M. Yeh, J. Harriot, D.L. DeVoe
University of Maryland,
Keywords: droplet microfluidics, cell culture
Summary:Microfluidics technology offers powerful capabilities for discretizing and manipulating small aqueous sample volumes. By enabling the compartmentalization of nanoliter or picoliter scale sample volumes, droplet microfluidics has been successfully harnessed for diverse biological assays including digital PCR, whole genome amplification, single-cell RNA sequencing, and a variety of high throughput screening assays. However, technologies for droplet microfluidics cannot yet match the flexibility of robotic liquid handling stations using conventional well plates for sample discretization and manipulation in support of complex multistep assays. Here we describe a membrane displacement trap (MDT) technology that enables software-defined control over arbitrary sequences of complex droplet operations. The MDT platform allows direct modulation of trap volumes to capture, split, merge, and eject selected droplets within the traps, together with an H-bridge valve topology enabling bidirectional flow control for arbitrary droplet positioning within the system. Using this simple chip design, fabricated devices can be coupled with a vision system capable of automated droplet tracking and closed-loop control of the on-chip valves for fully automated operation of the system.
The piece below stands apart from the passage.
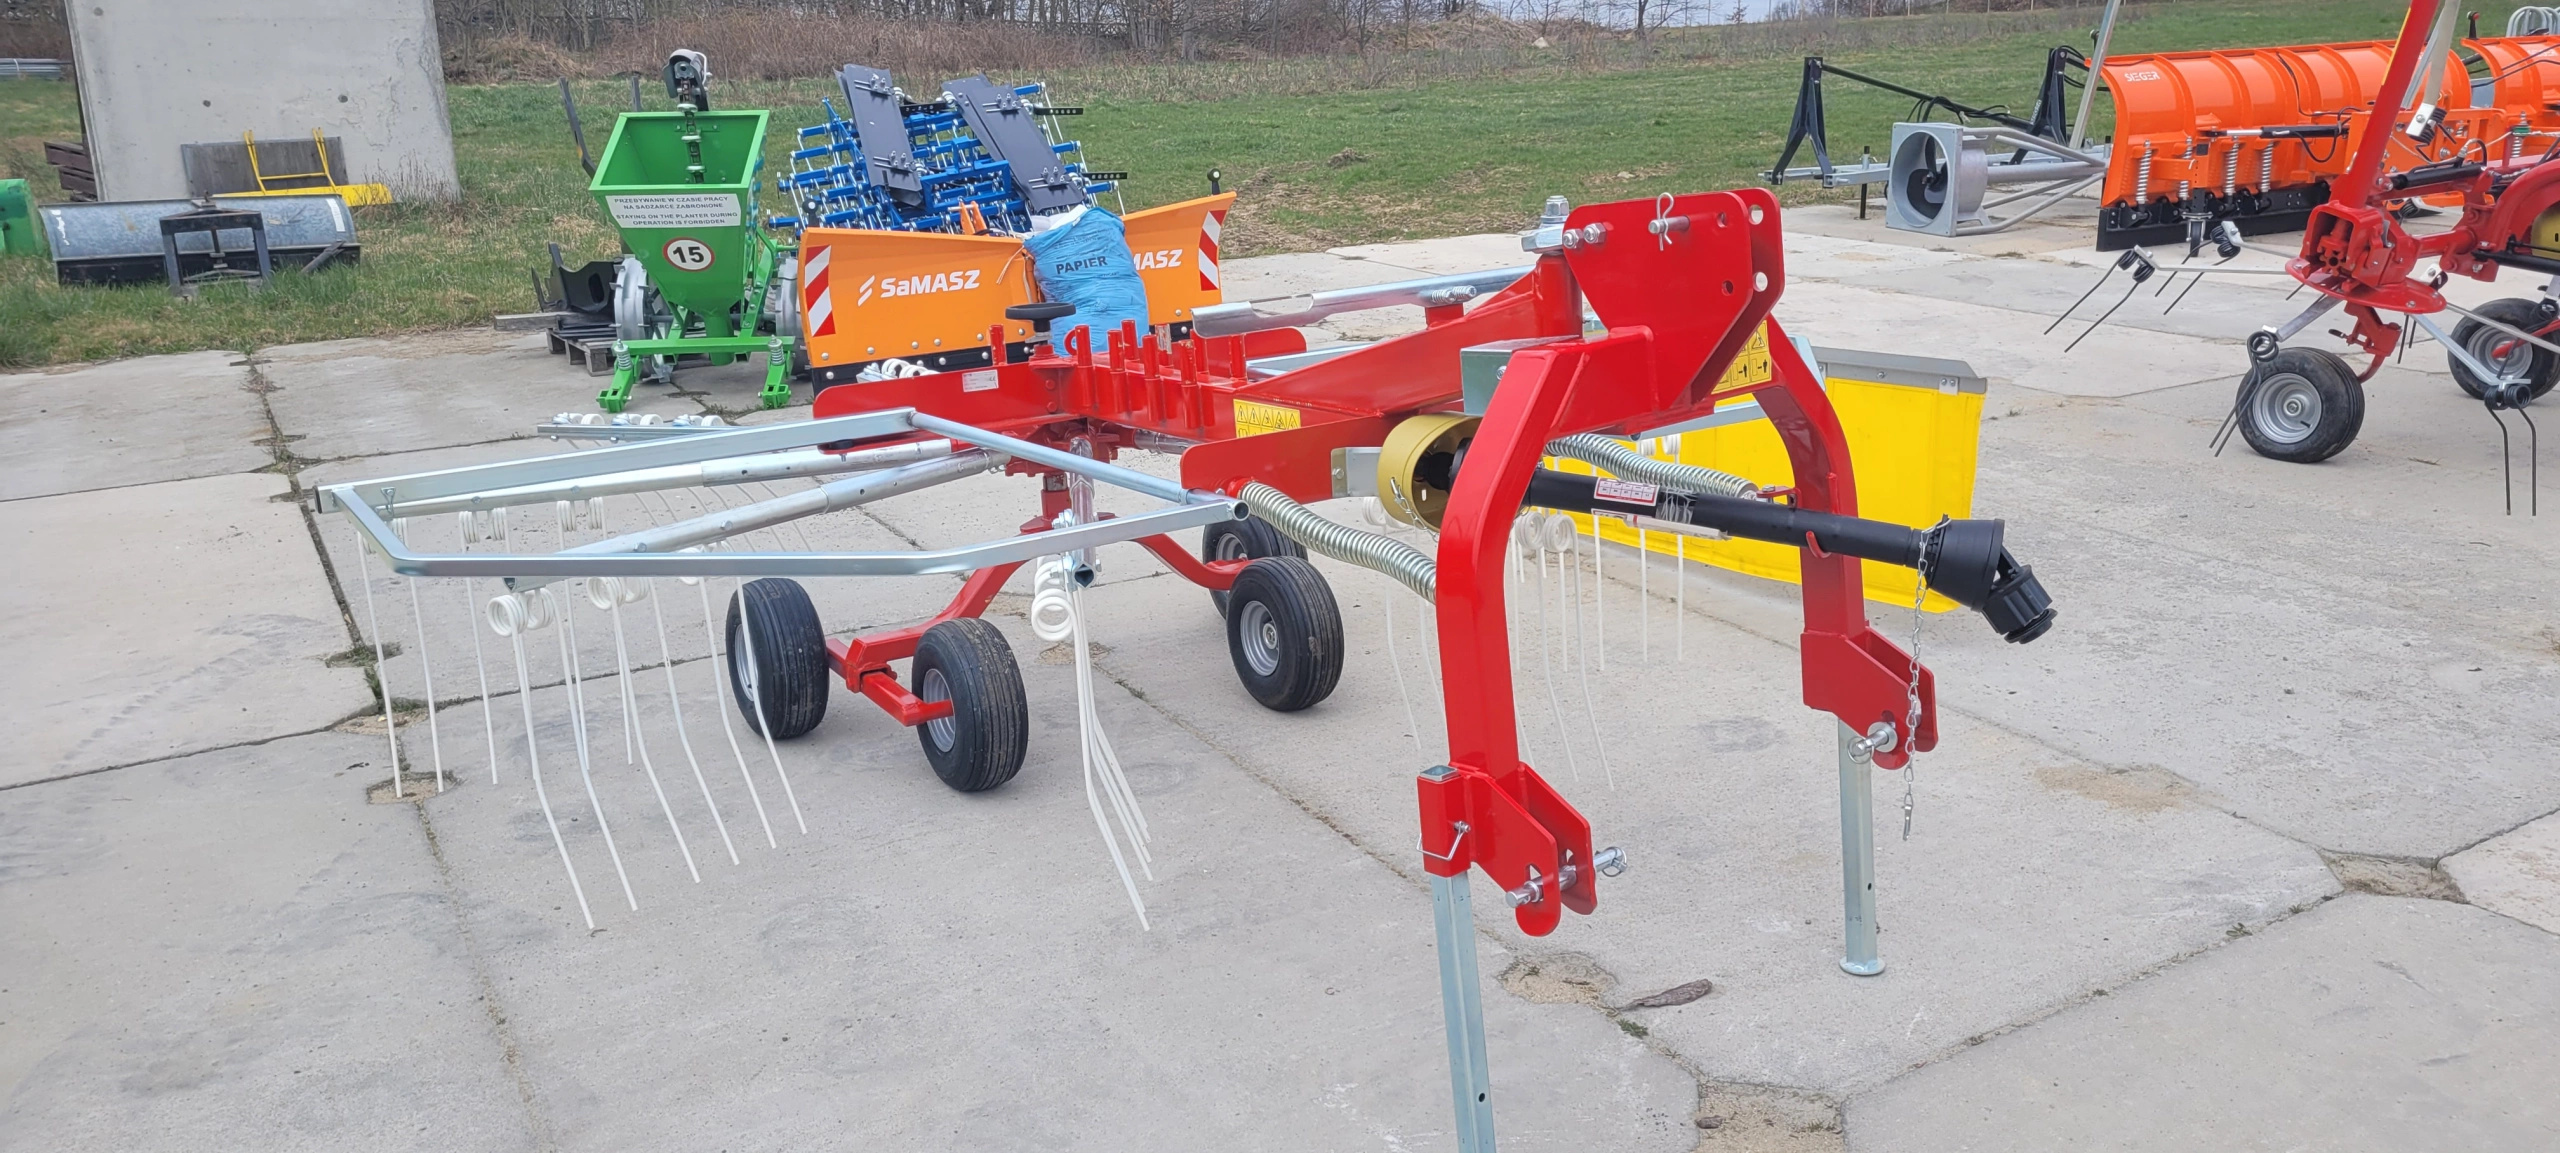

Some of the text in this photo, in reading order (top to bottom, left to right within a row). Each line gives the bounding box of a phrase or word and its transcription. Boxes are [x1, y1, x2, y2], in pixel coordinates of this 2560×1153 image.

[2124, 71, 2160, 82] SIEGER
[673, 246, 704, 264] 15
[1056, 256, 1108, 274] PAPIER
[880, 269, 980, 298] SaMASZ
Furthermore, the system can be applied to single-phase flows for the selective capture and long-term culture of cells, opening new opportunities for deterministic control over multi-stage chemical and biological assays utilizing sample and reagent volumes orders of magnitude smaller than accessible through robotic microwell plate handlers. This talk will describe several implementations of the MDT technology, including droplet-based control of chemical assays and single-phase co-cultures of lymphocytes and tumor cells to study the dynamics of immune response.